In Brief
  • Researchers have created a 3D bulk material from silk fibroin that can be programmed to activate specific tasks when exposed to conditions like temperature or infrared light.
  • The material could be used to create everything from hormone-emitting orthopedics to surgical pins that change color when they near their mechanical limits.

A Material You Can Teach

Engineers from Tufts University have just created a new, versatile material that could be optimized for a number of purposes, particularly within the medical field. The material was constructed out of special proteins called silk fibroins, and it can be programmed for specific biological, chemical, or mechanical tasks. The study was published online in Proceedings of the National Academy of Sciences (PNAS).

The team used water-based fabrication methods inspired by protein self-assembly to produce 3D bulk materials from silk fibroin. Fibroin, the structural protein that gives silk its durability, was chosen because it allowed for the easiest manipulation of the resulting substance’s form, as well as smoother modification of function. It’s also completely biodegradable.

The silk fibroin bulk materials were treated with water-soluble molecules at the nano-, micro-, and macro-scale to give both form and function to the target object. Simply put, the unique material is programmable. When faced with conditions like a certain temperature or exposure to certain rays, the coded task is set to activate.

Silk Lab, Tufts University
A silk fibroin pin changes color from blue to red when the force applied reaches the material’s yield point. Credit: Silklab, Department of Biomedical Engineering, School of Engineering, Tufts University

Work in Progress

The team created a number of objects to showcase their new material’s extraordinary potential. One was a surgical pin that changes color as it approaches its mechanical limits and is on the brink of failing. Another was a functional screw that heats up when exposed to infrared light, and they also constructed a biologically compatible structure that can facilitate the sustained release of bioactive agents like hormones or enzymes.

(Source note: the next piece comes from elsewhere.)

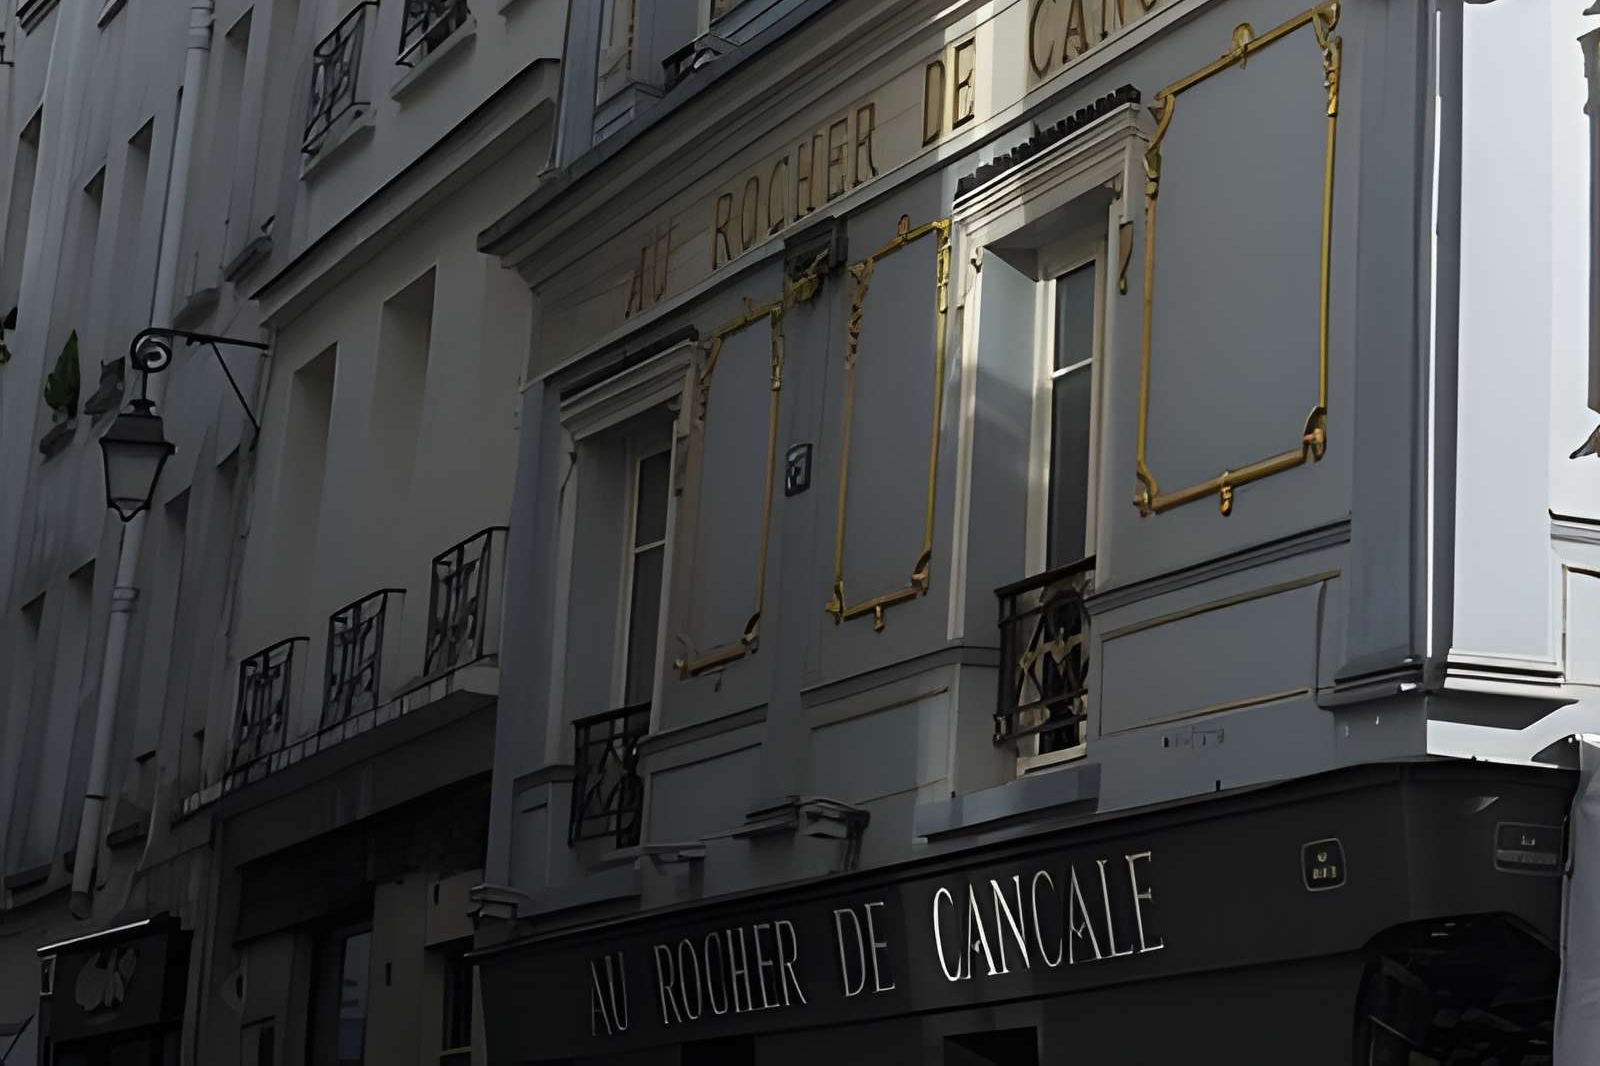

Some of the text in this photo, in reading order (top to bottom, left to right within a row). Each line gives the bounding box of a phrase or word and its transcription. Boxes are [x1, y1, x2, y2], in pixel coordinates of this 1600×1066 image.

[711, 102, 879, 270] ROCHER
[922, 37, 977, 147] DE
[589, 850, 1165, 1036] AU ROCHER DE CANCALE

More research and refinement is needed before the material could be widely adapted for use, but Fiorenzo G. Omenetto, senior author and engineering professor at Tufts University, strongly believes in its potential. In an interview with, he said, “The ability to embed functional elements in biopolymers, control their self-assembly, and modify their ultimate form creates significant opportunities for bio-inspired fabrication of high-performing multifunctional materials.”

Indeed, in addition to the proof-of-concept items the team constructed as part of their research, they believe the bulk material could be used for any number of functions, offering the examples of mechanical components that could be integrated with orthopedics to release growth factors, nuts and bolts that can relay information on environmental conditions, or even something as simple as reshapeable household items. Really, the sky’s the limit for a biodegradable material that combines the strength of silk with the programability of electronics.